And so he has a number of essays on many Jewish things. And I just, I wanted to read for us, because we're the minion crew here about prayer. Is there a couple? A couple? Apparently, the way that he used to write was he would write on top of like, index cards, and then he would lay them out on the ground and order them. So it's not like he would sit down and write an essay top to bottom. He would have hundreds and hundreds of cards. And actually, my own rabbi, Arnold Jacob wolf apparently, was like his assistant for a year or two at Hebrew Union College when he was there in Cincinnati, and it was the job of the assistant to put the cards in order. You know, it was like Heschel would write the brilliant card, and then the assistant would be the one who sort of like ordered them. So if you maybe think to yourself, like, I don't totally get the connection between paragraph 24 and 25 maybe that wasn't AJ heschel's fault. Maybe that was his TAS fault. Anyway, I'm going to read,

where is this one? Two different ones about prayer in this book. Oh, my God. Oh, you guys, there's so there's so much. All right, okay, well, I can't find the original one I wanted to read, so I'll read this one. He writes. This is inside of an essay called Oh on prayer, okay, all right,

public worship is an act of the highest importance. However, it tends in our days to become a spectacle in which the congregation remains passive, inert spectators, but prayer is action. It requires complete mobilization of heart, mind and soul. What is the worth of attending public worship when mind and soul are not involved? Renewal of liturgy involves renewal of prayer. There is, in addition, a malady indigenous or congenital to liturgy. Liturgy, as an act of prayer, is an outcome or distillation of the inner life, although its purpose is to exalt the life which engenders it, it harbors a tendency to follow a direction and rhythm of its own, independent of and divorced from the energies of life which brought the prayer into being at the beginning, liturgy is intimately related to the life which calls it into being. But as liturgy unfolds, it enters a state of stubborn disconnection, even in a even into a state of opposition. Liturgy is bound to become rigid, to stand by itself, to take on a measure of imperviousness. It tends to become timeless, transpersonal liturgy, for the sake of liturgy, personal presence is replaced by mere attendance, instead of erecting a sanctuary of time for the realm of the soul, liturgy attracts masses of people to a sanctuary in the realm of space. Okay, before I go on, was anything I said not clear? Or did you hear it and you were like, Oh, wow, I've totally experienced that.
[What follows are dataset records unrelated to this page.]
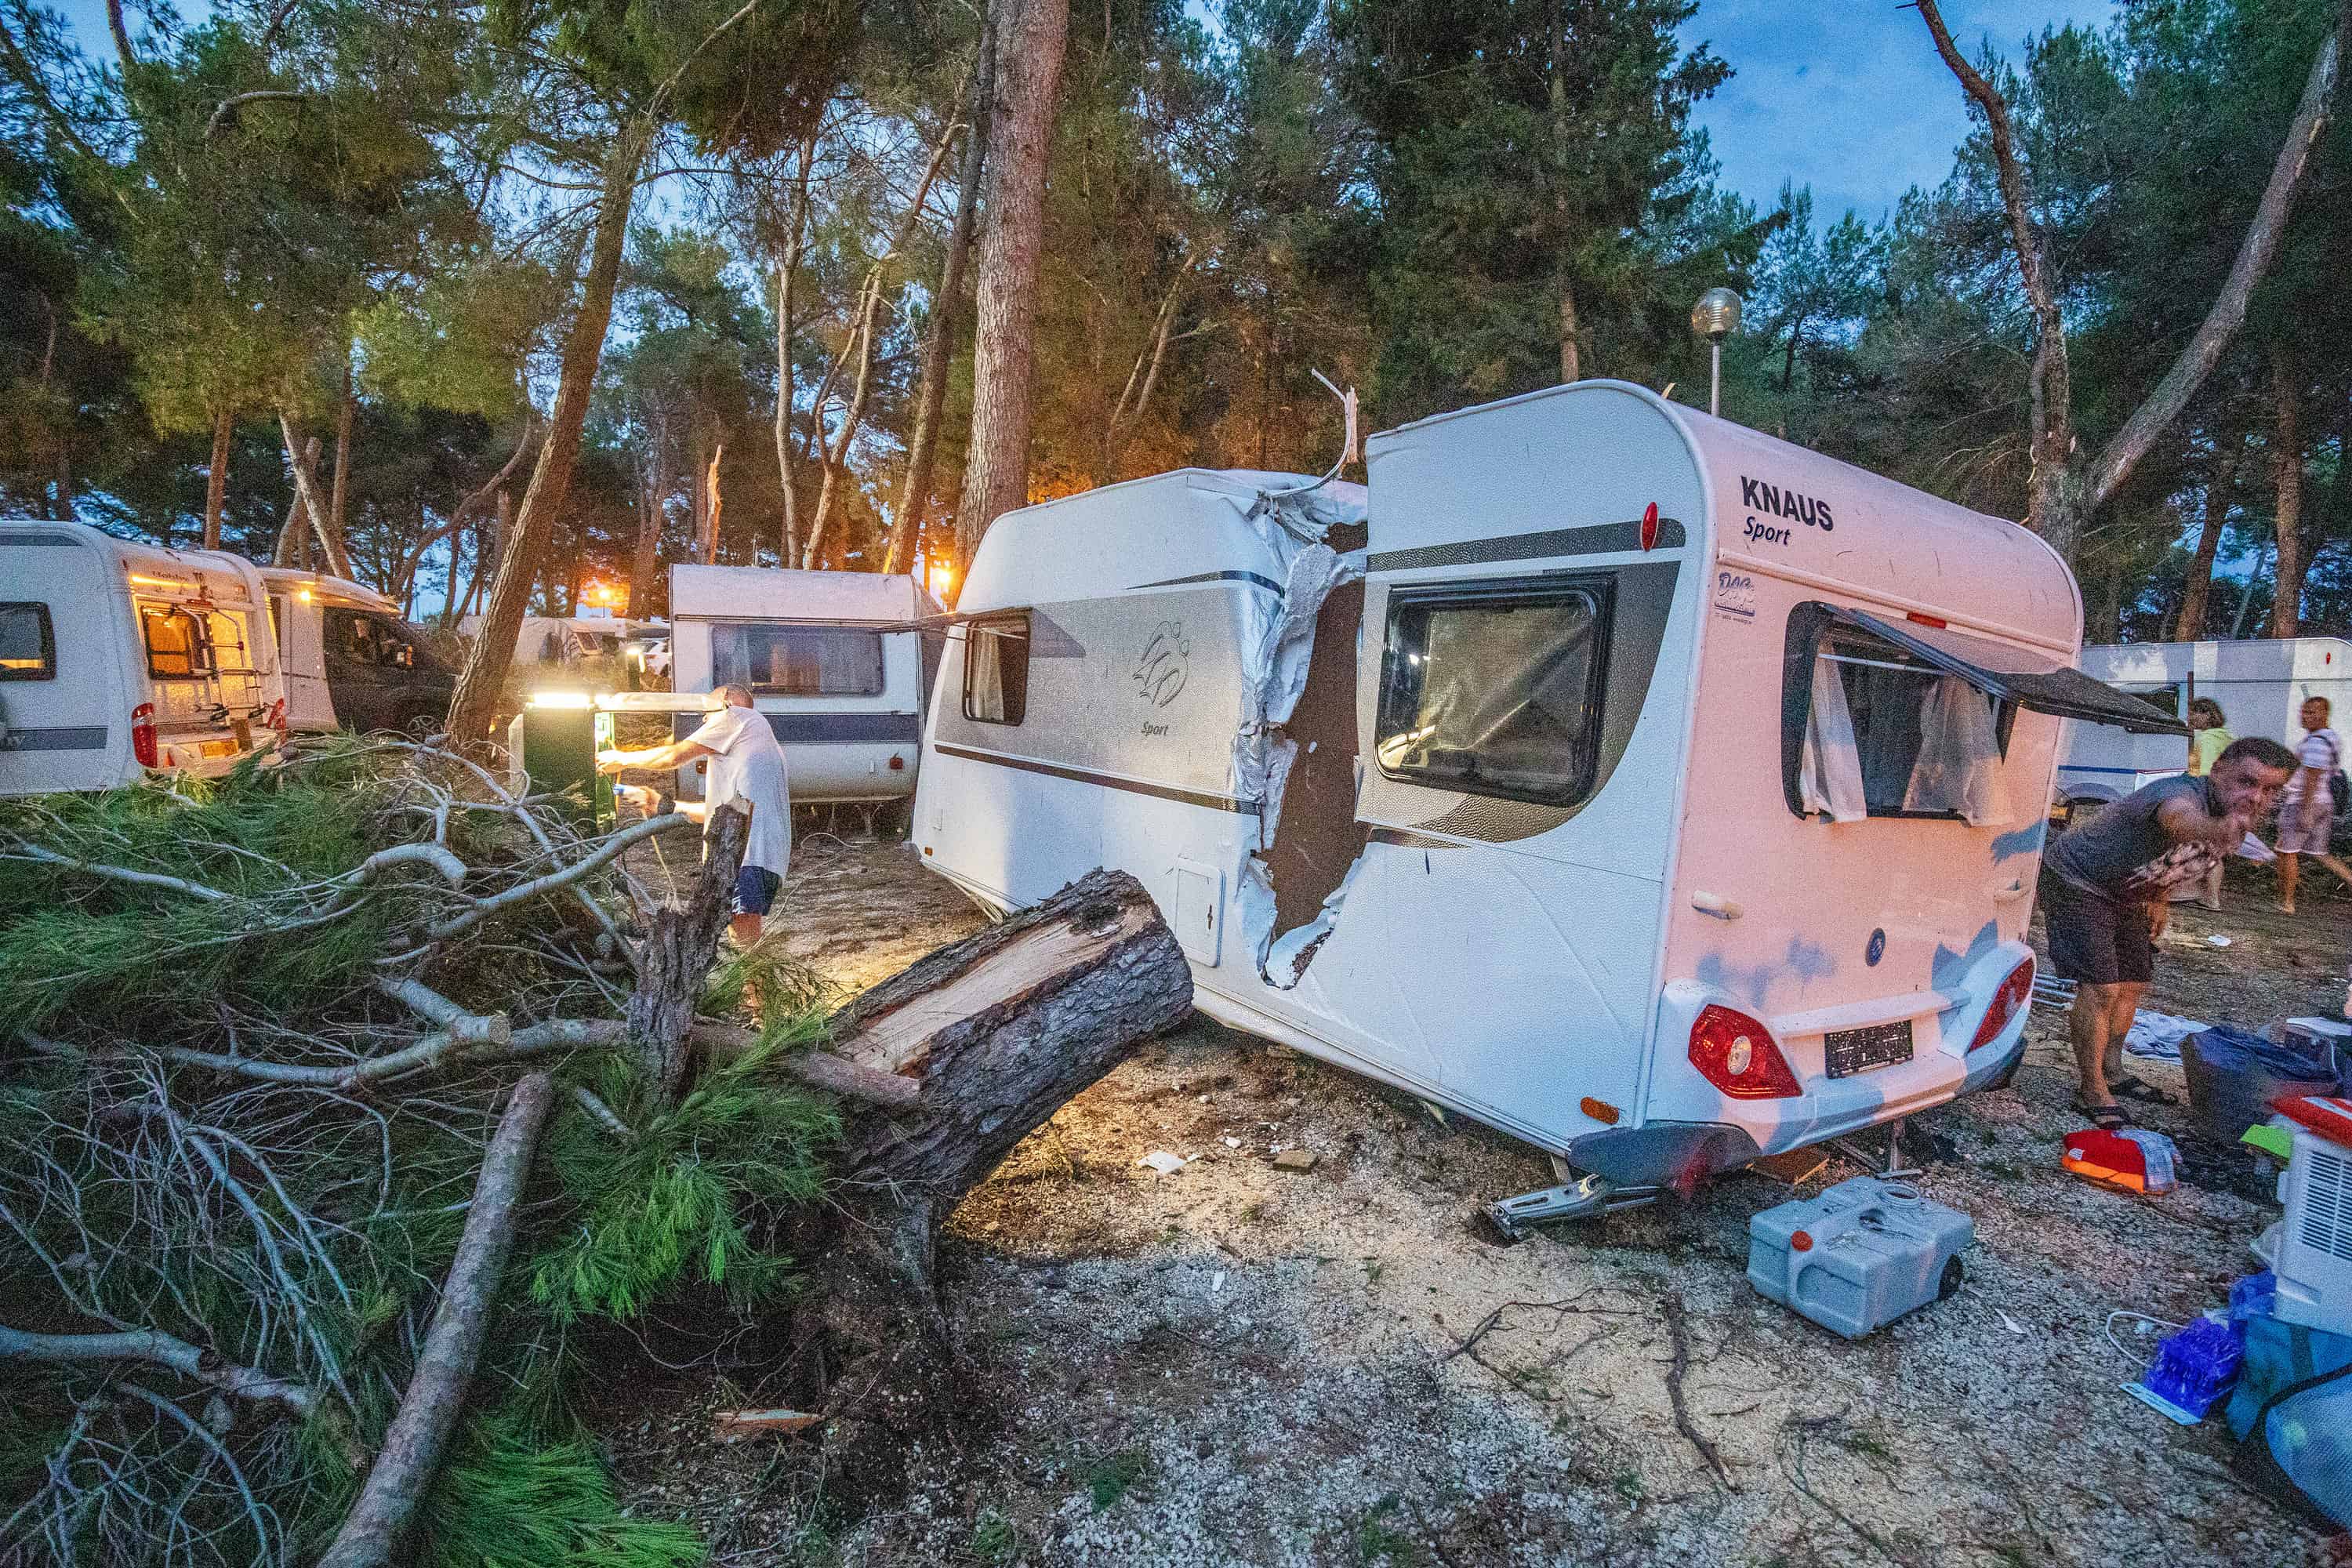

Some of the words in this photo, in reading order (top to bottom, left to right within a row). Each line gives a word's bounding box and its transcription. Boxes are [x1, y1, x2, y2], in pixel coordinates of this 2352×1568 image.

[1740, 475, 1834, 532] KNAUS
[1744, 516, 1791, 545] Sport
[1142, 721, 1169, 736] Sport
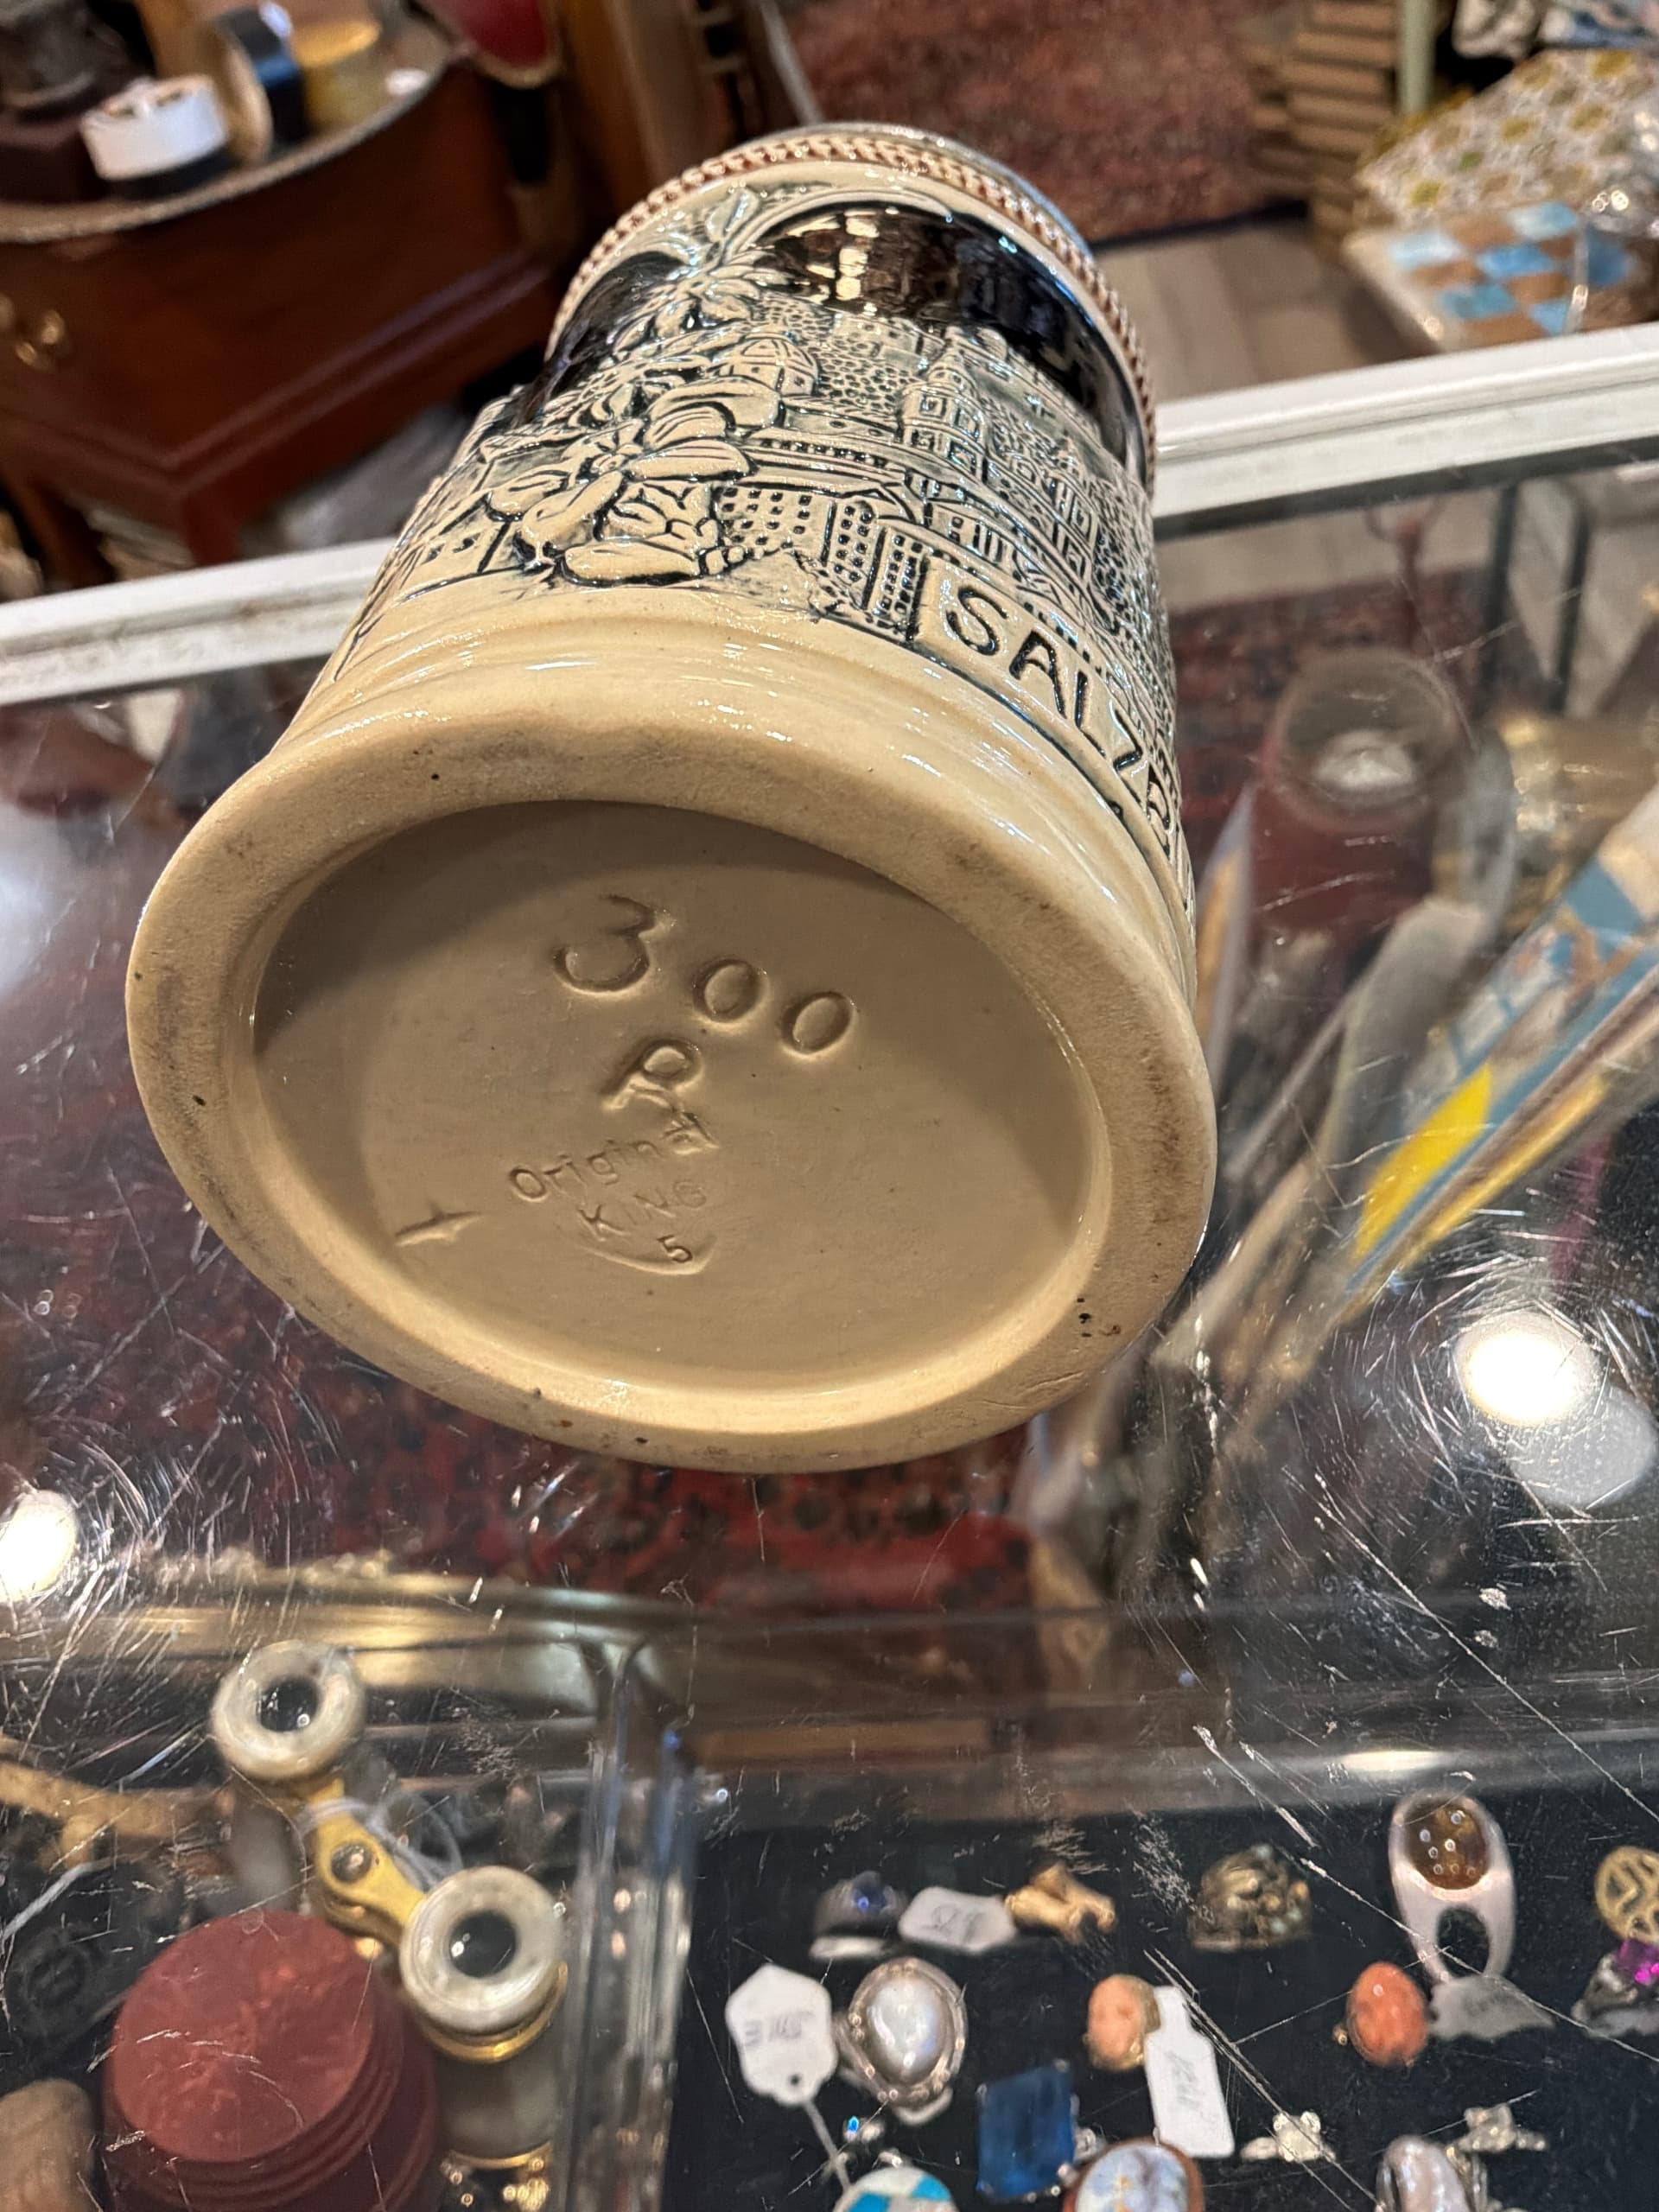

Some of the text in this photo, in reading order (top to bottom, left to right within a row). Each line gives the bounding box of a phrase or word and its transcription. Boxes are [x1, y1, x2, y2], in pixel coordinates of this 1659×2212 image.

[944, 584, 1184, 890] SALZB
[551, 892, 859, 1059] 300
[575, 1180, 709, 1242] KING
[656, 1233, 694, 1264] 5
Go ahead and unmute the second.

Okay, what and what about the second?

The I've definitely experienced in many places where, like you just, you kind of show up to synagogue. But people are chatting. There are the teenagers are on their phones, you know, like there is not, you don't really get the sense anyone's taking it personally.

You know that it has, it's, it's just something you do because you're supposed to, or because you have a really nice dress that you want to show off, or, I mean, really, you want to see your or if, if, I

mean, I'll, I'll, just um, to the the the most generous read on the sort of like showing up because you've got a nice dress or purse you want to show off. What I'll say, like maybe the danchafut, the giving the benefit of the doubt interpretation is that person does not even know that there is an inner life to be accessed with prayer. I. And so the reason to show up is primarily social, yeah, which, like, it's not a bad thing, right? You know, they there's the sort of the community, right, right? Community, community, and community means different things to different people. And, yeah, but, but Right? That, like, for someone who knows that prayer has actual power to leverage the inner life, and that's why we come into to do it all together, is because, like, all of our inner lives combining, it's forceful and it's powerful. But, like, if you don't know that's possible, then it's, you know, it's like, wow, thanks for coming at all. Okay. Ricky,

yeah. What came up for me is that idea of, like, sometimes when you go to high holiday services and the cantor, or even just Shabbat services, but the cantor is singing in a way that no one else can sing with them because their voice is so high or so yes, or, you know, it's like, Wait, I don't want you to pray for me, right?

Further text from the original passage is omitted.